Inspired by CLIP, we propose EEG-CLIP: a contrastive learning approach to align EEG time-series data with corresponding clinical text descriptions in a shared embedding space. This work explores two central questions: (i) how clinical text reports can be effectively incorporated into EEG representation learning, and (ii) whether this multimodal approach enables more generalizable representations that transfer across diverse EEG decoding tasks.

We demonstrate EEG-CLIP’s potential for versatile EEG decoding through extensive evaluation on few-shot and zero-shot learning tasks. Our results show that EEG-CLIP achieves strong zero-shot classification performance and consistently outperforms previous transfer learning approaches and task-specific models when labeled data are scarce. This presents a promising direction for EEG analysis by enabling zero-shot inference through natural language queries and more efficient training of specialized models with limited annotations.

Remark: Recently and after the completion of the study presented in this manuscript, (Gijsen and Ritter, 2024), also proposed EEG-language models that align EEG data with clinical reports for pathology detection. Their work explores multiple alignment strategies, including a multiple instance learning extension for flexible matching between EEG segments and text portions. Their approach is primarily focused on pathology detection and classification of epileptiform activity, while our EEG-CLIP study examines model performance on diverse decoding objectives including age, gender, and medication prediction, providing further insights into the versatility of language-supervised EEG representations.

2 Related work

2.1 Deep-learning based EEG decoding

Deep learning has revolutionized EEG analysis by enabling end-to-end decoding directly from raw signals without hand-crafted features. Convolutional neural networks (CNNs) have shown particular promise, with recent advances like batch normalization and exponential linear units boosting performance to match or exceed traditional methods like filter bank common spatial patterns (FBCSP) (Schirrmeister et al., 2017) These architectures automatically learn hierarchical representations that capture relevant spectral and spatial patterns in EEG data.

Various neural network architectures have been applied to EEG tasks, from shallow CNNs for efficient processing to recurrent networks for capturing temporal dependencies. Recent comparative studies have demonstrated that specialized deep learning models can outperform traditional approaches on standard benchmarks such as BCI Competition datasets.

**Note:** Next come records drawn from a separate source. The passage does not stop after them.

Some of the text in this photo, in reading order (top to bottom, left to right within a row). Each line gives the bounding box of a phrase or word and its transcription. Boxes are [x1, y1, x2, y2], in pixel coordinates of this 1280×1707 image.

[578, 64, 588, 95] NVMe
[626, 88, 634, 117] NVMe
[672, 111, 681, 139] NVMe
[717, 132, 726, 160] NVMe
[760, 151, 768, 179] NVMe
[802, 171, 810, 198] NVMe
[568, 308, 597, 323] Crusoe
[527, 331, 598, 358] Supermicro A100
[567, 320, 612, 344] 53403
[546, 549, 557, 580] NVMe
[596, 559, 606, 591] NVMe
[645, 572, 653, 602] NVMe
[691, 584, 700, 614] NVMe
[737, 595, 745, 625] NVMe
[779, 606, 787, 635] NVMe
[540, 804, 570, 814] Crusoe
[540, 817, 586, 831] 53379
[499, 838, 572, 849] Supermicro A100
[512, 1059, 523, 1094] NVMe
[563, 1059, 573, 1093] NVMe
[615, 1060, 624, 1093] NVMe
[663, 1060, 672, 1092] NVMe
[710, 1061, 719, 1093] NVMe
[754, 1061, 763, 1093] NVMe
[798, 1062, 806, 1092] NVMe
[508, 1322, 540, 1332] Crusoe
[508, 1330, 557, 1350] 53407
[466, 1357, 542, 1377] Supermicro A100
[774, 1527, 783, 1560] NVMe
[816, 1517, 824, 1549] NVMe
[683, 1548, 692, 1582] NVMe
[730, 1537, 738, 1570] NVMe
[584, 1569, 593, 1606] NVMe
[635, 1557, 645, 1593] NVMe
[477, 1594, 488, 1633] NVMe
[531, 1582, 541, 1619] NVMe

Beyond classification, newer approaches like EEG-to-text decoding leverage advanced neural architectures combined with probabilistic modeling to translate neural activity into human-readable text (Lévy et al., 2025), expanding the potential applications for EEG-based interfaces.

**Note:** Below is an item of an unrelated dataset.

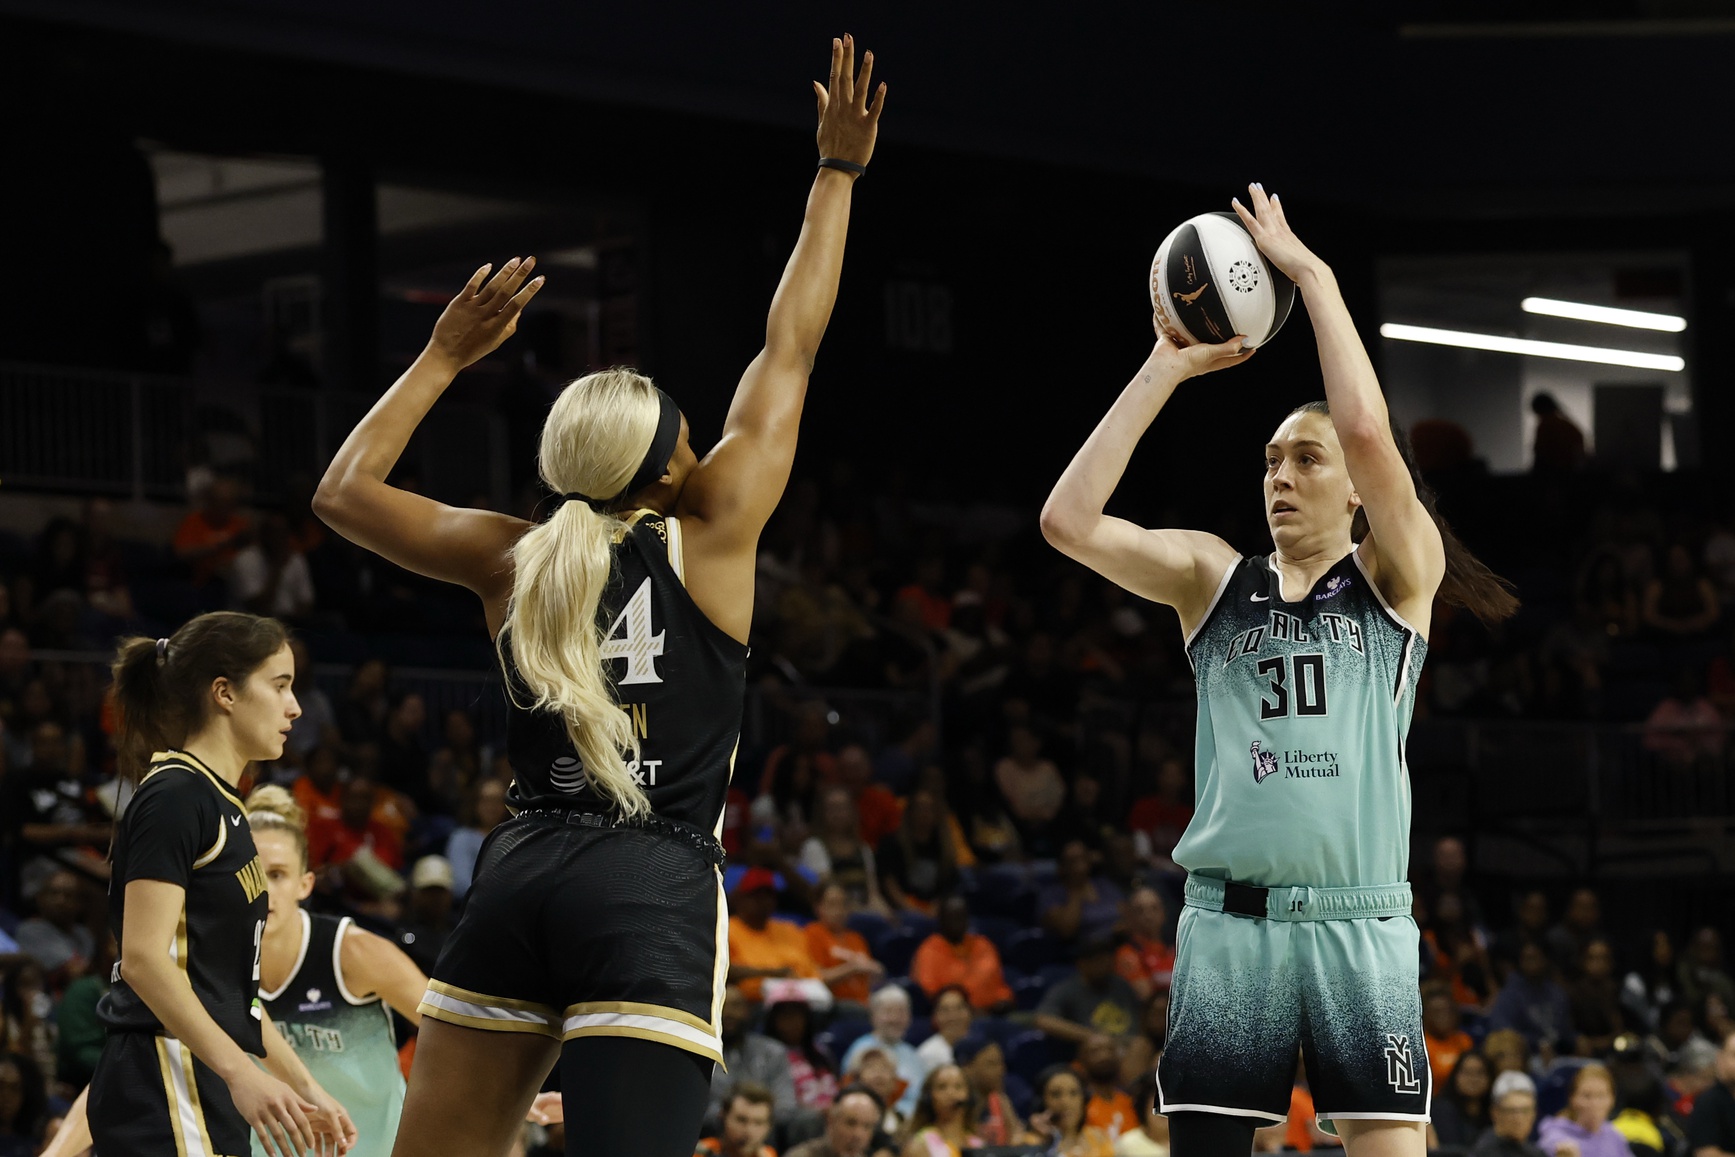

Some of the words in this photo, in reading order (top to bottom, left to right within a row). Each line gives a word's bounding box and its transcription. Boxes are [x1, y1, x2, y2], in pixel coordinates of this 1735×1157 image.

[1315, 578, 1352, 601] BARCLAYS
[1256, 652, 1329, 721] 30
[1284, 750, 1338, 768] Liberty
[1284, 764, 1340, 779] Mutual

Multimodal approaches have also shown promise, such as Khan et al. (2018) who combined EEG with fNIRS to capture complementary neurophysiological signals. While they used traditional signal processing rather than deep learning, their work highlights the value of integrating EEG with additional information sources, a principle that motivates our EEG-text alignment approach.

While task-specific models dominate current approaches, our work explores a more general representation learning framework that leverages the rich information in clinical text reports to develop versatile EEG embeddings useful across multiple decoding tasks.

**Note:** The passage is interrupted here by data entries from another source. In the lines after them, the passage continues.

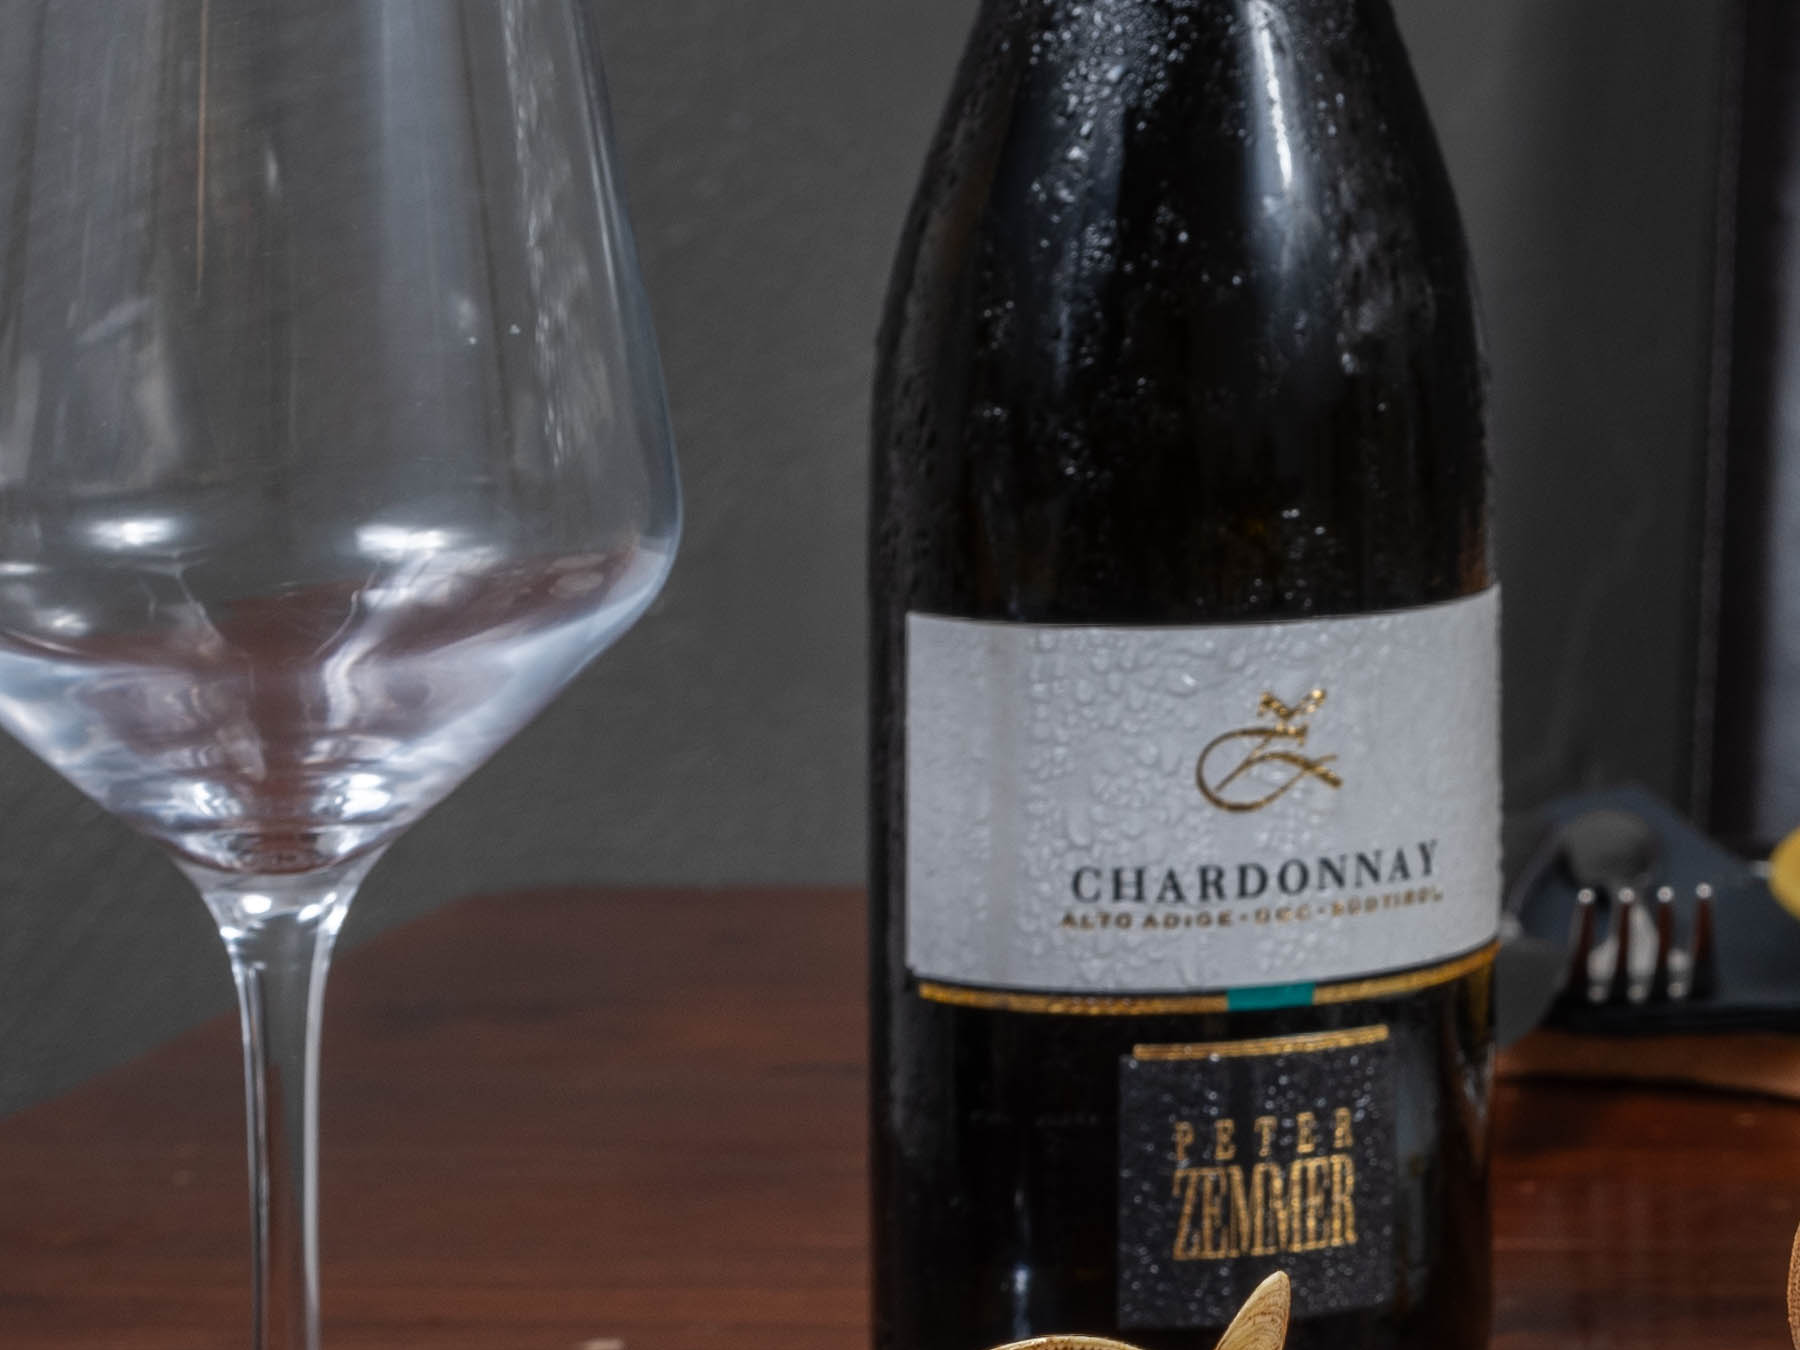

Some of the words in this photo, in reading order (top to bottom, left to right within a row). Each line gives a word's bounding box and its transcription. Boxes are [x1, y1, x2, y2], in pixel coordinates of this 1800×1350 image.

[1070, 838, 1439, 904] CHARDONNAY
[1060, 909, 1134, 931] ALTO
[1141, 909, 1234, 930] ADIGE
[1171, 1106, 1354, 1161] PETER
[1170, 1153, 1360, 1262] ZEMMER

2.2 Contrastive learning for multimodal alignment

Self-supervised contrastive learning has recently emerged as a powerful approach to learning general visual representations. Models like CLIP are trained to align the image embeddings $x_{i}$ and the corresponding text embeddings $y_{i}$ by minimizing contrast loss $L$ :

L = \sum_{i = 1}^{N} - \log \frac{\exp (sim (x_{i}, y_{i}) / τ)}{\sum_{j = 1}^{N} \exp (sim (x_{i}, y_{j}) / τ)}

where $s i m (.)$ is a measure of similarity. This objective brings the matching image-text pairs closer and separates the mismatched pairs in the learned embedding space.

CLIP was trained on a large dataset of 400 million image-text pairs from diverse Internet sources with unstructured annotations. Through this natural language supervision, CLIP developed versatile image representations that achieve strong zero-shot inference on downstream tasks by querying the aligned embedding space.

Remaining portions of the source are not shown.